I thank the member for his question. Defence industries across Australia are almost all small and medium enterprises. There are probably a dozen that we would regard as primes. There are probably about 3,000 small and medium enterprises in the defence industry spread across the country, and many of those would have turnovers of between $2 million and $50 million. There are companies like Yamba Welding and Engineering in the member for Page's electorate, which is building and maintaining boats for a Navy company. There are companies like Airflite, in the member for Pearce's electorate, which provides maintenance for PC9 trainers at RAAF Base Pearce, or Fibre Tech, which I visited with the member for Corangamite, in Geelong, which makes fibre, cables and nets for rigging for air transport for the ADF. Also, in Braddon, in Penguin, Penguin Composites make bonnets for the Hawkei. ERIPIO, in Longman, in Caboolture, provide beaching equipment and folding stretchers for Defence. Even in Mayo, in Uraidla, there is Novacom, which is a key partner in Thales's minesweeping exports.

All of these companies, spread right across Australia—and that's only half-a-dozen—have basically got turnovers of $2 million to $50 million, and they are replicated right throughout regional Australia and in the capital cities. They are the companies from which the Leader of the Opposition wants to rip away the company tax cuts that this government has provided. They are the companies that the Leader of the Opposition wants to declare war on. They're the companies—small, family enterprises, many of them—with good ideas, who are hardworking and are making good because of this government's investment in defence and defence industry capability, the largest in our peacetime history. That's what's going on out in the real world. The Leader of the Opposition wants to make those companies' jobs much, much harder. He wants to belt those companies. He wants to send them broke.

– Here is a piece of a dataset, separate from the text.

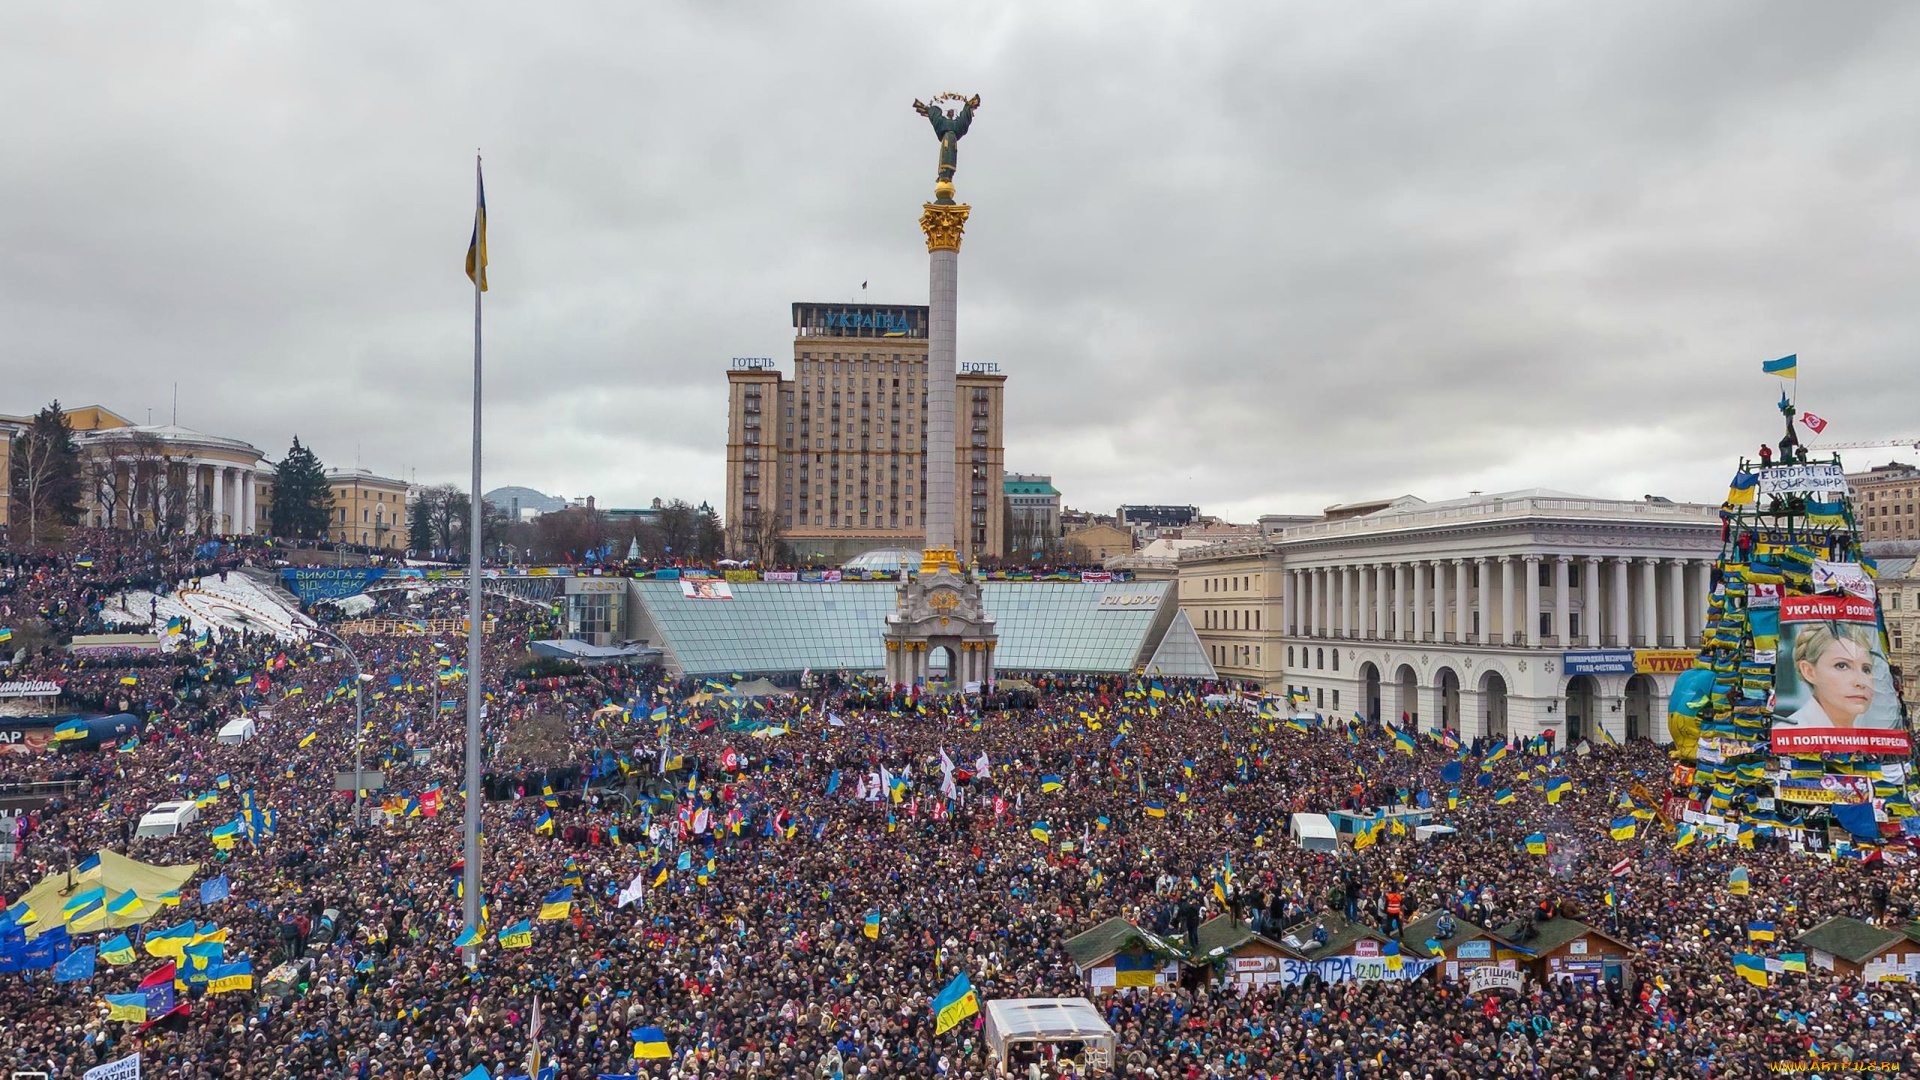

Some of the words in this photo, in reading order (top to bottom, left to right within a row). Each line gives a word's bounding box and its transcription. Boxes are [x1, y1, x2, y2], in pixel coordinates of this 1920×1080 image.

The member for Bass got it right today. It wasn't a very pretty interview, it must be said. The member for Bass got it right. The Leader of the Opposition's war on business is a war on jobs; it's a war on growth; it's a war on the Australian economy; it is a war on family businesses and small and medium enterprises; it's a war on wages. The Leader of the Opposition isn't some mythological fighter, fighting against the top end of town on behalf of small and medium enterprises. He's belting small and medium enterprises. They're not the top end of town. And he's saying to families on $95,000 a year that they are the top end of town and trying to take away their personal income tax cuts. The Leader of the Opposition is a dangerous man for Australian families and for Australian businesses.